Until Aug. 26, when the project received final approval from the City of Ithaca, the immediate issue with City Harbor construction was structuring a production schedule, Lambrou said. The approval process started two years previous, so it did take place during the coronavirus pandemic, when monthly approvals meetings shifted online. 

This transition was not ideal, and Lambrou said he found it difficult to relate key points of the construction process to the city’s planning board, or obtain feedback from the public.

“In planning board meetings a year ago, the public, if they didn't like [the construction], were there,” he said. “We've lost that more public-minded interaction.”

LIBRARY PLACE

Frost Travis, President of Travis Hyde Properties, said Library Place’s construction, which was halted April 30, will not be able to continue likely until December, as they lost their ability to continue building while their general contractor, LeChase Construction, continued work on other projects. 

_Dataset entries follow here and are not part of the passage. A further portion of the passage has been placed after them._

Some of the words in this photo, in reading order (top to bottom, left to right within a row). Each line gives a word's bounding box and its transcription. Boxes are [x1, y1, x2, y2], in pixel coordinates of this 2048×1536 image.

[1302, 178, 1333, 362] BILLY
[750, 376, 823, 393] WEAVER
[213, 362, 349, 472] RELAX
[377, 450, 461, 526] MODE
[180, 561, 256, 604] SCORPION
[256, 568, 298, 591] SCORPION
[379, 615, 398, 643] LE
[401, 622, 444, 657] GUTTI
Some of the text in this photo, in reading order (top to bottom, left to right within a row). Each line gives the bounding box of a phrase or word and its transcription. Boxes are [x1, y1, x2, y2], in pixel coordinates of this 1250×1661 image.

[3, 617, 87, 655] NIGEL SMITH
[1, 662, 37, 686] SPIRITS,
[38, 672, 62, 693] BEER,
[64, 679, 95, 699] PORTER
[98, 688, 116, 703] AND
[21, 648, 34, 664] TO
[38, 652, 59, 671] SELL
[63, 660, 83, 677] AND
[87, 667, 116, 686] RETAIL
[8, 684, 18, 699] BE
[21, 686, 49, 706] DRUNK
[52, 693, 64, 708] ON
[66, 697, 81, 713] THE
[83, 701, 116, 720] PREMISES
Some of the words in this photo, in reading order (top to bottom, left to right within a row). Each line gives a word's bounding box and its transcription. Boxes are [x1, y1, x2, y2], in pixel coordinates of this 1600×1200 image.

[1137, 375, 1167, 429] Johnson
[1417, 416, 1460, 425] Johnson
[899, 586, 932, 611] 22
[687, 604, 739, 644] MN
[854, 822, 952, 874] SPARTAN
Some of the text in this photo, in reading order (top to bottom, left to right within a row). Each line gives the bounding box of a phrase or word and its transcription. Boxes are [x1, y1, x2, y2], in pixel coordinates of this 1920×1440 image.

At the time the project was postponed, Travis said it had completed the building’s foundation and was almost finished with its masonry stage, which will be followed by steelwork. The active adult housing community will provide housing to adults 55 years old and over, providing amenities at a cheaper cost than Kendal at Ithaca — a continuing care retirement facility in Ithaca — Travis contended.

“LeChase’s subcontractors went on to other work because they needed to keep … their team active, and we kind of got bumped to the bottom of the queue,” he said. “[Library Place is] a product in housing that really doesn't exist in Ithaca. … Some people like the lifestyle of Kendal. … You're paying for the right to receive care at some point when you need it, and our model says you don't pay for any more than you need.”

Cornish said she could envision the possibility of more delays in construction as a whole, if a large, university-based outbreak happened. She did add that she is satisfied with the university’s reopening plan, and from community and economic viewpoints, she said she enjoys having students back in the city.

“Certainly if … there's a major outbreak again, and our numbers go way up, we will have to shut down construction sites,” she said. “There's been a lot of conversation in the community about whether or not to [reopen], but I do think Cornell is trying to do the right thing, and for the community, it certainly helps to have the students here.”